* [WORK TO COMPLETE]: Include in the output the line containing "this 1600×1600 image." and each subsequent line of the records, through the end, transcribed exactly. Add nothing else.

━━━━━━━━━━━━━━━━━━━━

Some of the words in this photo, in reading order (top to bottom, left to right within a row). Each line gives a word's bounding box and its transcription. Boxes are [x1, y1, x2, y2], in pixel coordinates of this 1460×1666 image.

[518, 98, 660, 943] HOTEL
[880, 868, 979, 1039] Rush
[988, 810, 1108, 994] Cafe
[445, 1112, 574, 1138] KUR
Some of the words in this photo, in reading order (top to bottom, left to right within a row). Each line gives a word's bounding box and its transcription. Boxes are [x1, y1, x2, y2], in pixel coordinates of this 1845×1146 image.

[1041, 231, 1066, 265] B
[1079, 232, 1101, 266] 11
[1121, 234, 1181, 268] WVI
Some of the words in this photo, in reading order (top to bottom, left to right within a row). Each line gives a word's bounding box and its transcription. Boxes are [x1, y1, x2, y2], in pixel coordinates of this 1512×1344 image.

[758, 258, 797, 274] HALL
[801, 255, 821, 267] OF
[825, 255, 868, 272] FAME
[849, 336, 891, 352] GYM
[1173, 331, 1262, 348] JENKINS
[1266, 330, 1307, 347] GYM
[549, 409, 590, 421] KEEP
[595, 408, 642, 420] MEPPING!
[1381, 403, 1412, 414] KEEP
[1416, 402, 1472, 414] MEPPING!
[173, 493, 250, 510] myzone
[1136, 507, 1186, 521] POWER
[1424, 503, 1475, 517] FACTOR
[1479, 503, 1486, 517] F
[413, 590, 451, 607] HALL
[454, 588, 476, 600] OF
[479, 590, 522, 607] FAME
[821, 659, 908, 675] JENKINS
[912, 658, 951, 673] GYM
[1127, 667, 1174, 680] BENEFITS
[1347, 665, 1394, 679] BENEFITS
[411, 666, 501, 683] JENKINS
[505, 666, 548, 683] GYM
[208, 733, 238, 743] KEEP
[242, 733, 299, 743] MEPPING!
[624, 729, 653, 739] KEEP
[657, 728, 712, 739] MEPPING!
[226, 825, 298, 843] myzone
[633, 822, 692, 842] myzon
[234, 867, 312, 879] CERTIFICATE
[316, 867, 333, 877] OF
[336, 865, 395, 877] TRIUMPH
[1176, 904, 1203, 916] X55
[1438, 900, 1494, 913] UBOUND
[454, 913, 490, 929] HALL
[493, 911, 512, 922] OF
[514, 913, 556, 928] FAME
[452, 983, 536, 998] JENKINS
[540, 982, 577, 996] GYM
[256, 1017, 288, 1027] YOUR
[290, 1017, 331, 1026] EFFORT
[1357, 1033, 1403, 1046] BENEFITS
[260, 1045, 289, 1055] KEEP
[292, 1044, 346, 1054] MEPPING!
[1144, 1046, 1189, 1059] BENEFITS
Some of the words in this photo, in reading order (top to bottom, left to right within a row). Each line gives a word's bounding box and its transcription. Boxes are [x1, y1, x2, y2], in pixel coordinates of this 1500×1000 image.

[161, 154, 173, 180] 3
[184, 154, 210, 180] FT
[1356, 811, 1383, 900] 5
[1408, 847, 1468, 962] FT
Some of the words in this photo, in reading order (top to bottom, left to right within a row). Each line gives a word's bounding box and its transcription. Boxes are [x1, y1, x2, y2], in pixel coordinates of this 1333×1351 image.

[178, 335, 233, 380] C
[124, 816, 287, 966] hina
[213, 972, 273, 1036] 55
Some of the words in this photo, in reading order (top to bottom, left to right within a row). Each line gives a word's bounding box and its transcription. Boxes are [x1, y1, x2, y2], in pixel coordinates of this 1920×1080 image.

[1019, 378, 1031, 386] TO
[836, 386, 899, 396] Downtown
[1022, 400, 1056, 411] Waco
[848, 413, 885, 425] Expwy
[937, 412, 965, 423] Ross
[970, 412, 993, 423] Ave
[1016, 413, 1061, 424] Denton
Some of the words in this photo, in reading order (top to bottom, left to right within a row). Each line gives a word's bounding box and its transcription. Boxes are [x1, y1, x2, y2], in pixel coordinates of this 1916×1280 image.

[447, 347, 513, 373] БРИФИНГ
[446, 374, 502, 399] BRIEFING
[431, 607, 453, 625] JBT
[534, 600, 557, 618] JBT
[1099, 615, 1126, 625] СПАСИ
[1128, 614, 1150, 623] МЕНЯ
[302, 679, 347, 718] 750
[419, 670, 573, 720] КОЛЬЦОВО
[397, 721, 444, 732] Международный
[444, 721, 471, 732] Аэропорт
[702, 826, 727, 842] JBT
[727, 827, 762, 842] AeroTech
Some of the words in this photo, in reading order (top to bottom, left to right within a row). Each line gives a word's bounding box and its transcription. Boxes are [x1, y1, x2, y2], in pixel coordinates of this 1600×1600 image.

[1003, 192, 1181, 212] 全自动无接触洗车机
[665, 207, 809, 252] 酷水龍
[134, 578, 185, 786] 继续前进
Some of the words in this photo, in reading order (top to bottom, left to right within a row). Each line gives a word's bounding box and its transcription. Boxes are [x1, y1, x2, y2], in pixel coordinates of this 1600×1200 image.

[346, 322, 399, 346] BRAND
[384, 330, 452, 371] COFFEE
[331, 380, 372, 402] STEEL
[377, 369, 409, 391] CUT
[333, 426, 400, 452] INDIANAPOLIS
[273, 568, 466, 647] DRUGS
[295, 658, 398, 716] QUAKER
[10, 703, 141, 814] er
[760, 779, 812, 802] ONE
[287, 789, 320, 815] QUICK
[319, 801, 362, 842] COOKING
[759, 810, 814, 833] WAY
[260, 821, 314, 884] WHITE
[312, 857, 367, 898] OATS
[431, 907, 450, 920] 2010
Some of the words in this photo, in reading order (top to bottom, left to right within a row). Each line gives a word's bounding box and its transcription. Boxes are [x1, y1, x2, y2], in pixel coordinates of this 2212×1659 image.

━━━━━━━━━━━━━━━━━━━━

* [TASK ANSWER]:
Some of the words in this photo, in reading order (top to bottom, left to right within a row). Each line gives a word's bounding box and its transcription. Boxes are [x1, y1, x2, y2], in pixel coordinates of this 1600×1600 image.

[1003, 192, 1181, 212] 全自动无接触洗车机
[665, 207, 809, 252] 酷水龍
[134, 578, 185, 786] 继续前进
Some of the words in this photo, in reading order (top to bottom, left to right within a row). Each line gives a word's bounding box and its transcription. Boxes are [x1, y1, x2, y2], in pixel coordinates of this 1600×1200 image.

[346, 322, 399, 346] BRAND
[384, 330, 452, 371] COFFEE
[331, 380, 372, 402] STEEL
[377, 369, 409, 391] CUT
[333, 426, 400, 452] INDIANAPOLIS
[273, 568, 466, 647] DRUGS
[295, 658, 398, 716] QUAKER
[10, 703, 141, 814] er
[760, 779, 812, 802] ONE
[287, 789, 320, 815] QUICK
[319, 801, 362, 842] COOKING
[759, 810, 814, 833] WAY
[260, 821, 314, 884] WHITE
[312, 857, 367, 898] OATS
[431, 907, 450, 920] 2010
Some of the words in this photo, in reading order (top to bottom, left to right within a row). Each line gives a word's bounding box and its transcription. Boxes are [x1, y1, x2, y2], in pixel coordinates of this 2212×1659 image.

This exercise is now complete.